Regia di Roman Polanski vedi scheda film
Roman Polanski è indubbiamente uno degli ultimi grandi autori viventi ed in piena attività. Appartiene ad una generazione che in gran parte è in via d'estinzione, basti pensare che il suo primo lungometraggio risale al 1962. Nella sua vita ha attraversato fasi che oggi appaiono ormai materia buona per i libri di storia, dalla Seconda Guerra Mondiale alla persecuzione degli ebrei da parte dei nazisti, dalla Polonia comunista all'esilio in Francia, dal successo a Hollywood alla brusca fine della summer of love, decretata proprio dall'omicidio della moglie Sharon Tate. Classe, 1933, il regista è passato attraverso una vicenda giudiziaria causata da uno scandalo sessuale (che continua a tenerlo forzosamente lontano dagli USA), ed è, per qualche verso, simile a Woody Allen, con il quale condivide anche un'urgenza produttiva che accompagna i due autori nella loro terza età.
L'ultimo film di Polanski che avevo visto era il più che convincente Carnage (2011), dove funzionava tutto a meraviglia, a cominciare dalla costruzione dei personaggi. Ecco, questa è la maggiore differenza tra l'opera del 2011 e questo nuovo film, intitolato D'après une histoire vraie, che in italiano è diventato un arbitrario - ma non è una novità - Quello che non so di lei. Per dirne qualcuna, risulta abbastanza assurdo che la protagonista, una scrittrice di successo dei nostri anni, non conosca il funzionamento di Facebook e della rete in generale, mentre la persona che la perseguita le scrive lettere anonime utilizzando una macchina da scrivere. La protagonista, peraltro, sembra vivere in un vuoto pneumatico, dove non ha praticamente amici né famiglia, se si esclude uno pseudo compagno, sempre lontano per ragioni di lavoro.
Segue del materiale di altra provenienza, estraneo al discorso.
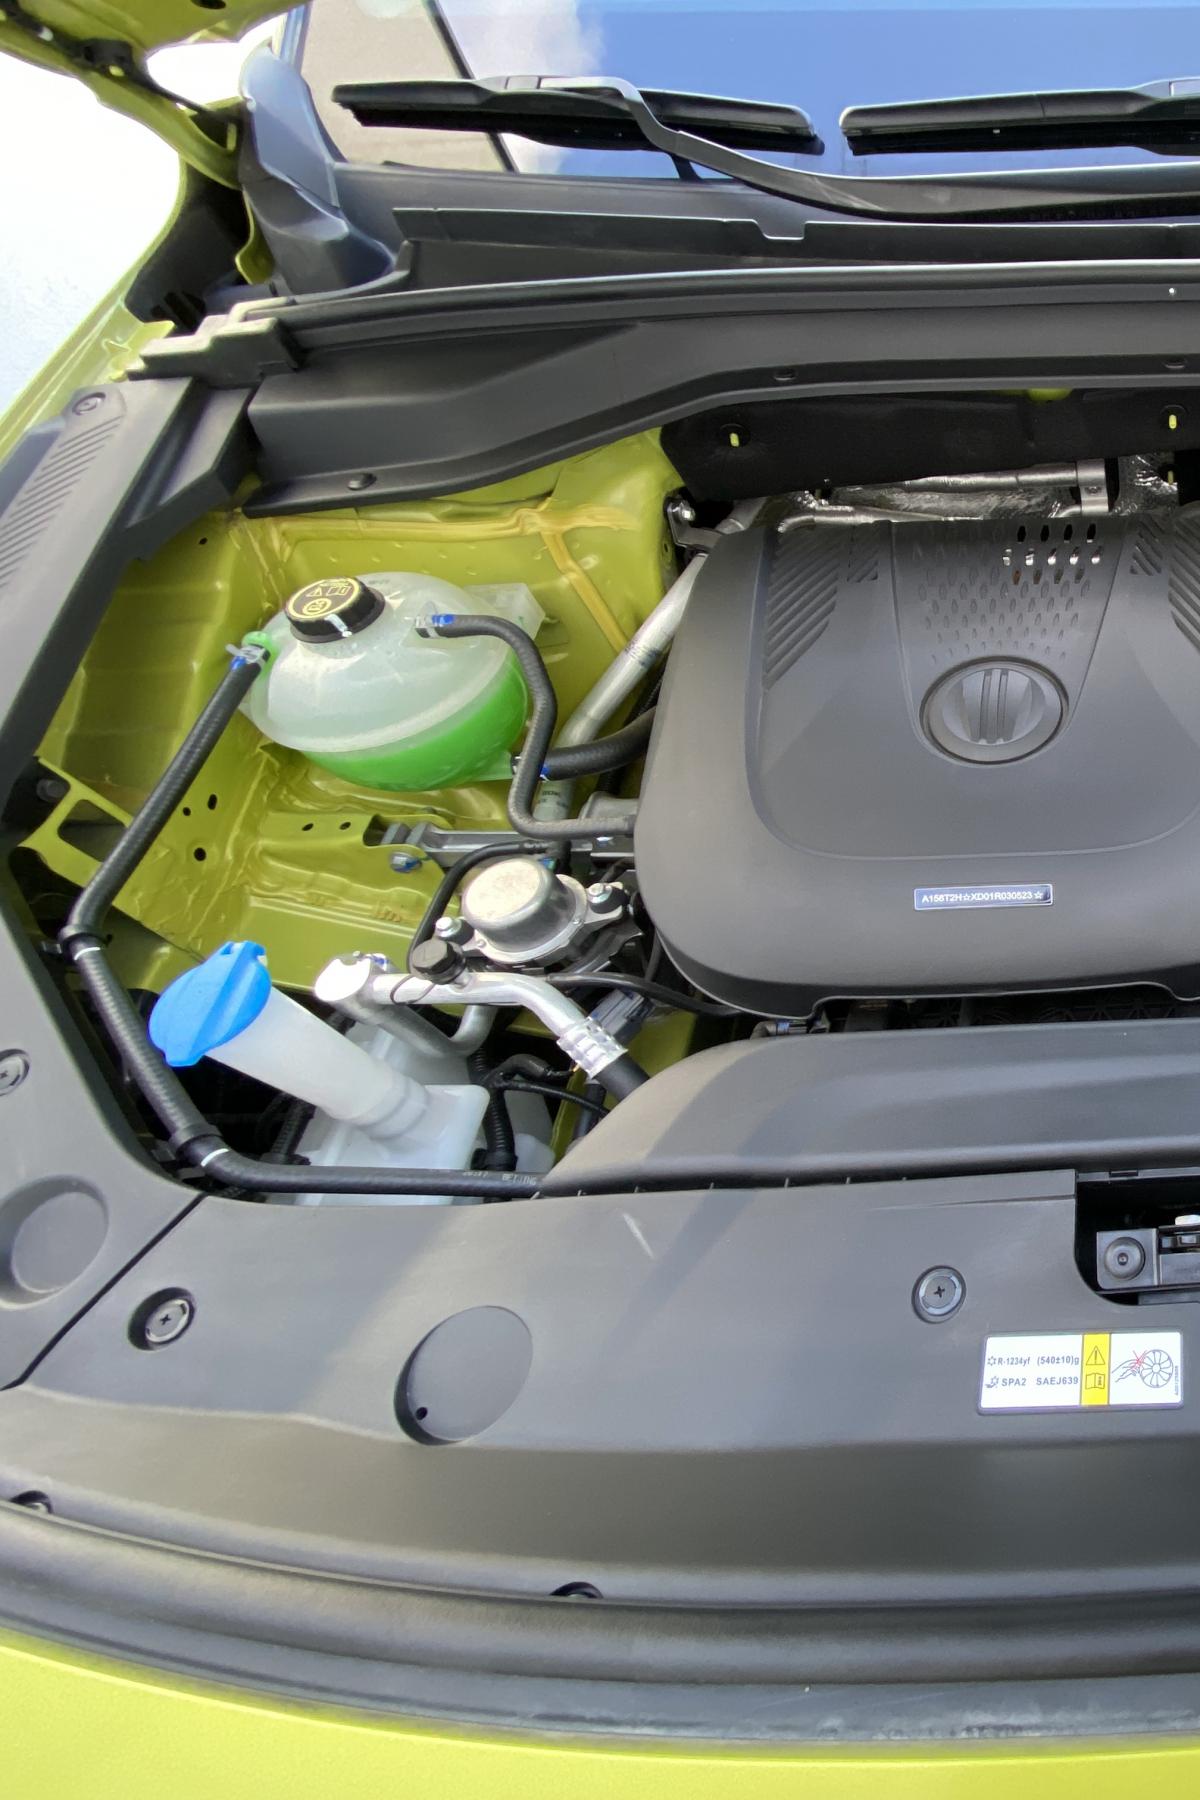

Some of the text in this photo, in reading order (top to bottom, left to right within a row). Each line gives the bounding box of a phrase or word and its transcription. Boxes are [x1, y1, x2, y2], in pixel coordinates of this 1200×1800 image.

In questo vuoto fisico e affettivo è fin troppo semplice, per Polanski e il co-sceneggiatore Oliver Assayas, inserire un personaggio ambiguo come quello della fan disturbata (interpretata da Eva Green), con la quale si consuma un reciproco rapporto vampiresco che subisce continue osmosi tra il piano letterario e quello della vita personale. Troppo poco, se si vuole fare un discorso serio e spettacolare sul rapporto altrettanto vampiresco tra arte e vita, soprattutto se gli spettatori di Quello che non so di lei conoscono un po' di cinema di Hitchcock oppure hanno visto Il servo di Losey o le opere precedenti dello stesso Polanski, come, per dirne una sola, L'inquilino del terzo piano (1976).
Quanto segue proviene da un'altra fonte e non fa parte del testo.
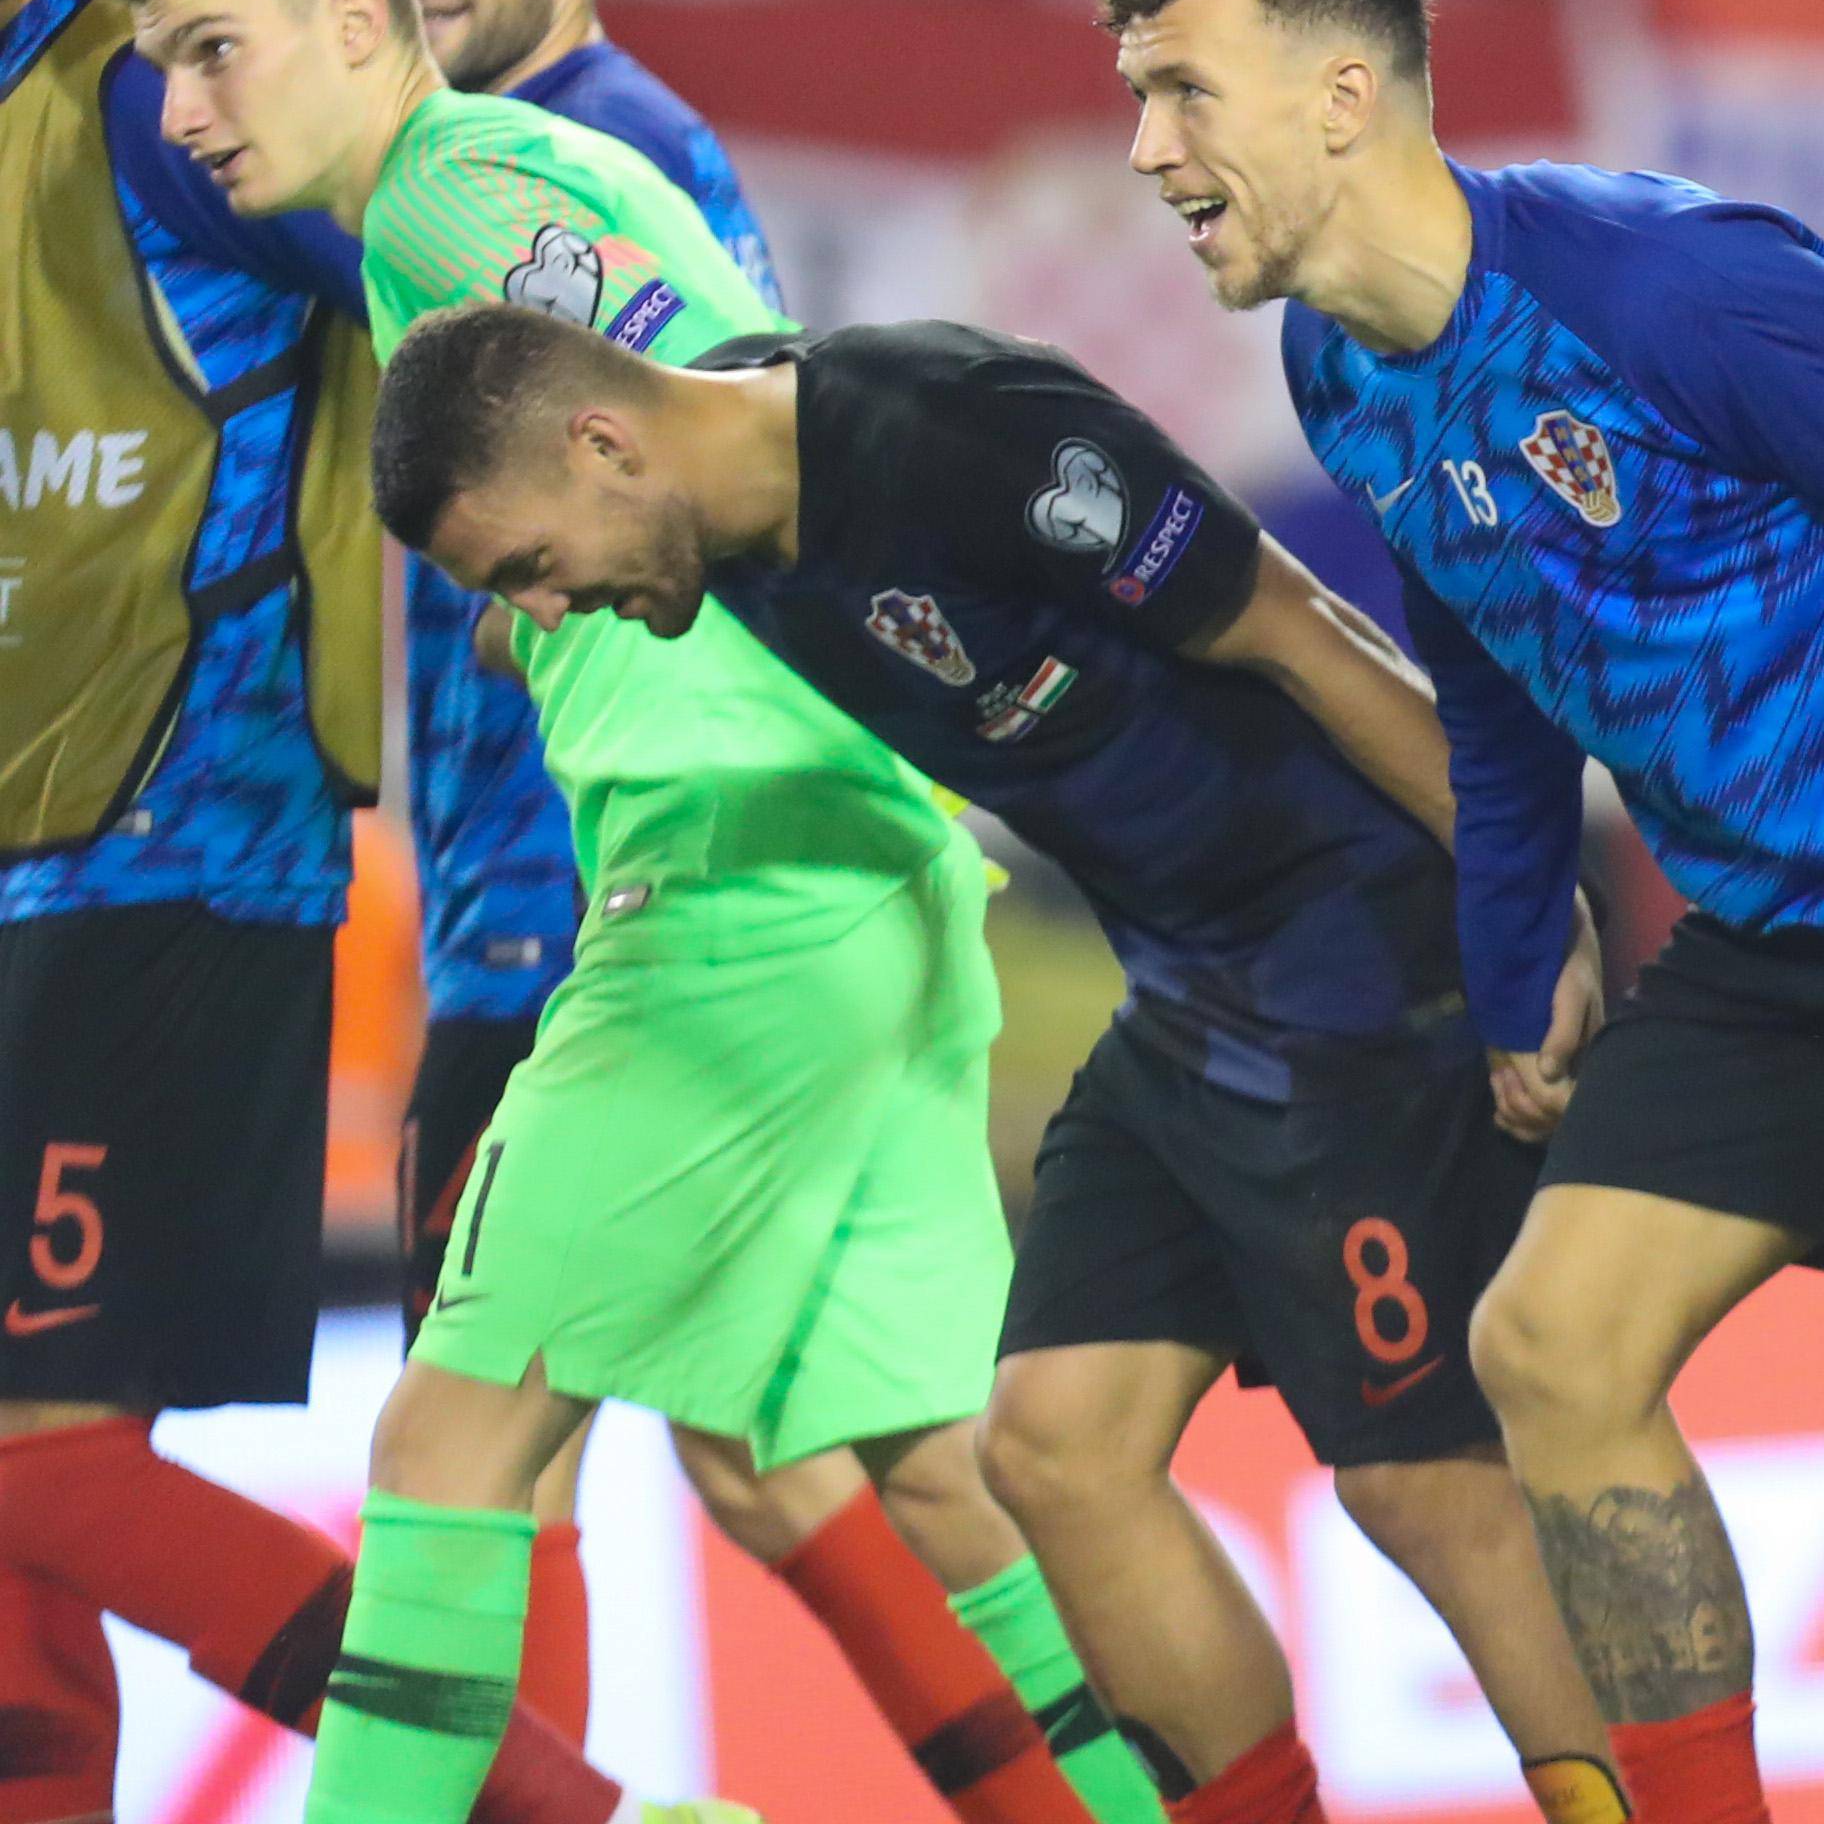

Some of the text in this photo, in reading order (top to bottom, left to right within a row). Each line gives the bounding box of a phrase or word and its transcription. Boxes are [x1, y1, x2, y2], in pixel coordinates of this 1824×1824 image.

[0, 427, 149, 512] AME
[1442, 459, 1498, 527] 13
[1133, 489, 1194, 582] RESPECT
[29, 1142, 107, 1288] 5
[1342, 1216, 1429, 1363] 8
Disseminato di qualche falsa pista di troppo (mi resta incomprensibile la sequenza del veleno per topi piazzato in cantina), il film trova un inatteso punto di forza nell'interpretazione di Emmanuelle Seigner, che è brava a simulare una perenne depressione e sembra recitare con sul volto una quasi insopprimibile necessità di dormire.